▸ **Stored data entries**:
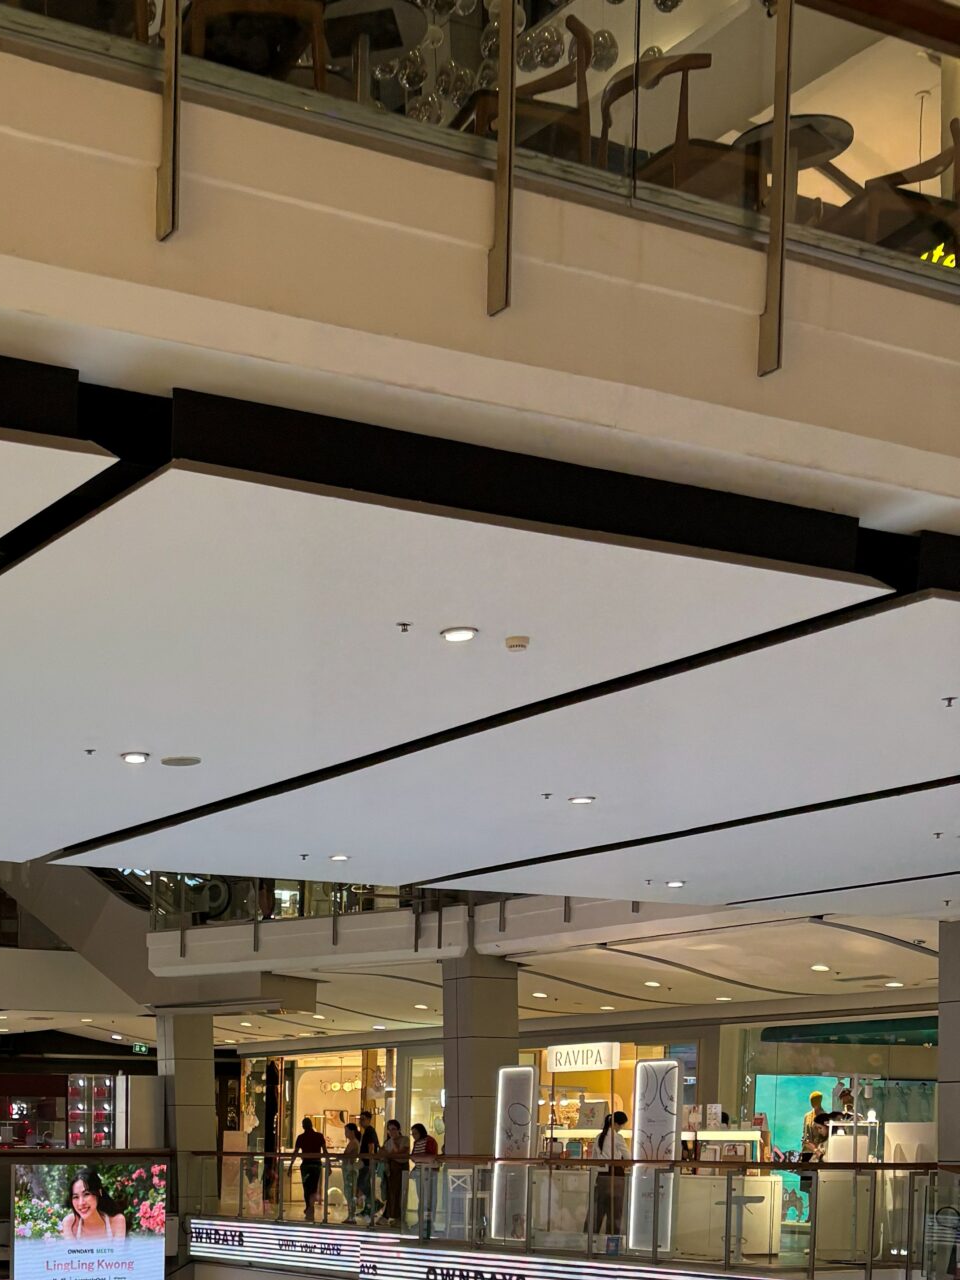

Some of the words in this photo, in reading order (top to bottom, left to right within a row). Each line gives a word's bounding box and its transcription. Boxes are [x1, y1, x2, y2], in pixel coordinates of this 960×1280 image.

[554, 1048, 603, 1068] RAVIPA
[45, 1260, 95, 1272] LingLing
[96, 1259, 134, 1272] Kwong
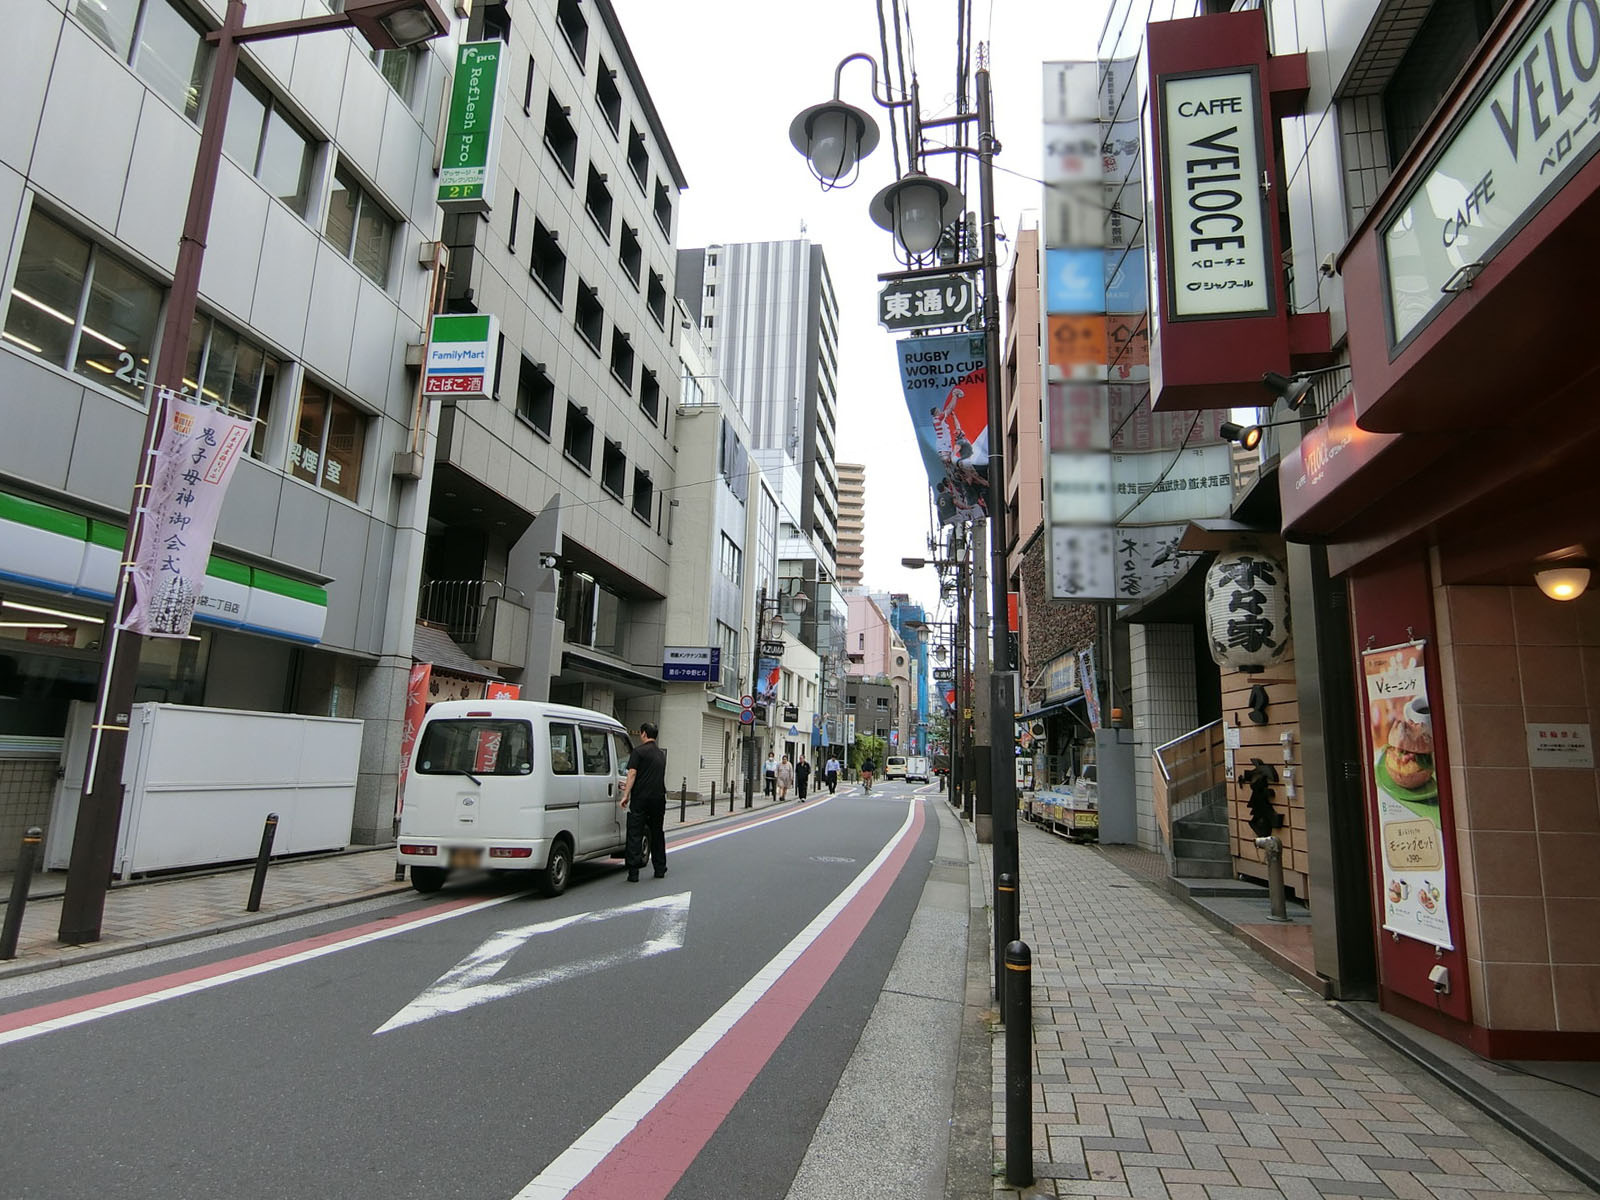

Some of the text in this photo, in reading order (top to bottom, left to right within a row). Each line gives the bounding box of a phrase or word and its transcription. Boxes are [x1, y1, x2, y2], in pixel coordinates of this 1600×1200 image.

[464, 67, 482, 130] Reflesh
[1178, 97, 1243, 117] CAFFE
[1187, 126, 1245, 252] VELOCE
[1442, 169, 1496, 248] CAFFE
[1192, 258, 1246, 269] ベローチェ
[1203, 279, 1254, 291] シャノアール
[884, 285, 968, 320] 東通り
[432, 350, 485, 361] FamilyMart
[905, 350, 950, 364] RUGBY
[115, 352, 147, 387] 2F
[905, 360, 984, 377] WORLD CUP
[907, 373, 985, 390] 2019, JAPAN
[159, 426, 217, 576] 鬼子母神御会式
[762, 645, 784, 657] AZUMA

▸ **About this task**: Please give the data again in full, exactly as written, but without any images.

▸ **Result**:
Some of the words in this photo, in reading order (top to bottom, left to right within a row). Each line gives a word's bounding box and its transcription. Boxes are [x1, y1, x2, y2], in pixel coordinates of this 960×1280 image.

[554, 1048, 603, 1068] RAVIPA
[45, 1260, 95, 1272] LingLing
[96, 1259, 134, 1272] Kwong

Some of the text in this photo, in reading order (top to bottom, left to right within a row). Each line gives the bounding box of a phrase or word and its transcription. Boxes are [x1, y1, x2, y2], in pixel coordinates of this 1600×1200 image.

[464, 67, 482, 130] Reflesh
[1178, 97, 1243, 117] CAFFE
[1187, 126, 1245, 252] VELOCE
[1442, 169, 1496, 248] CAFFE
[1192, 258, 1246, 269] ベローチェ
[1203, 279, 1254, 291] シャノアール
[884, 285, 968, 320] 東通り
[432, 350, 485, 361] FamilyMart
[905, 350, 950, 364] RUGBY
[115, 352, 147, 387] 2F
[905, 360, 984, 377] WORLD CUP
[907, 373, 985, 390] 2019, JAPAN
[159, 426, 217, 576] 鬼子母神御会式
[762, 645, 784, 657] AZUMA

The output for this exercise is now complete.